(Stored items from a collection)
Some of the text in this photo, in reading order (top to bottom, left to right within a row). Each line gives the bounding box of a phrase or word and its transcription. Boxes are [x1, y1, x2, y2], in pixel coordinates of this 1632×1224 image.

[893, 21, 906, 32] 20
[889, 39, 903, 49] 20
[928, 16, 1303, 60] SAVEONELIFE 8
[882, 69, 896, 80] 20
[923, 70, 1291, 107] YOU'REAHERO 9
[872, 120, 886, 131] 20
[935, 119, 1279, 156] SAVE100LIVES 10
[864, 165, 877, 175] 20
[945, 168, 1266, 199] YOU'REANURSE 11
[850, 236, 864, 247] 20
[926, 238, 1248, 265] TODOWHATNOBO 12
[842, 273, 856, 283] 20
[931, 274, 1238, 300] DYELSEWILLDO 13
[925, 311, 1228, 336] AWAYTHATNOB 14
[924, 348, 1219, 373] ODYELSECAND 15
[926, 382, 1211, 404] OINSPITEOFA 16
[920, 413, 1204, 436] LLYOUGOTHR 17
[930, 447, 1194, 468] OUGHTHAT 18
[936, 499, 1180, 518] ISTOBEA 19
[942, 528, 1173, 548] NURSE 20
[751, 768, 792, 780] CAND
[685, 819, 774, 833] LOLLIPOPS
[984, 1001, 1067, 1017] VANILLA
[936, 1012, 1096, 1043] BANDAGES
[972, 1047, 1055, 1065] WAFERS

▸ **PROBLEM**:
All of the records must be retyped exactly as they are.

▸ **RESPONSE TO THE TASK**:
Some of the text in this photo, in reading order (top to bottom, left to right within a row). Each line gives the bounding box of a phrase or word and its transcription. Boxes are [x1, y1, x2, y2], in pixel coordinates of this 1632×1224 image.

[893, 21, 906, 32] 20
[889, 39, 903, 49] 20
[928, 16, 1303, 60] SAVEONELIFE 8
[882, 69, 896, 80] 20
[923, 70, 1291, 107] YOU'REAHERO 9
[872, 120, 886, 131] 20
[935, 119, 1279, 156] SAVE100LIVES 10
[864, 165, 877, 175] 20
[945, 168, 1266, 199] YOU'REANURSE 11
[850, 236, 864, 247] 20
[926, 238, 1248, 265] TODOWHATNOBO 12
[842, 273, 856, 283] 20
[931, 274, 1238, 300] DYELSEWILLDO 13
[925, 311, 1228, 336] AWAYTHATNOB 14
[924, 348, 1219, 373] ODYELSECAND 15
[926, 382, 1211, 404] OINSPITEOFA 16
[920, 413, 1204, 436] LLYOUGOTHR 17
[930, 447, 1194, 468] OUGHTHAT 18
[936, 499, 1180, 518] ISTOBEA 19
[942, 528, 1173, 548] NURSE 20
[751, 768, 792, 780] CAND
[685, 819, 774, 833] LOLLIPOPS
[984, 1001, 1067, 1017] VANILLA
[936, 1012, 1096, 1043] BANDAGES
[972, 1047, 1055, 1065] WAFERS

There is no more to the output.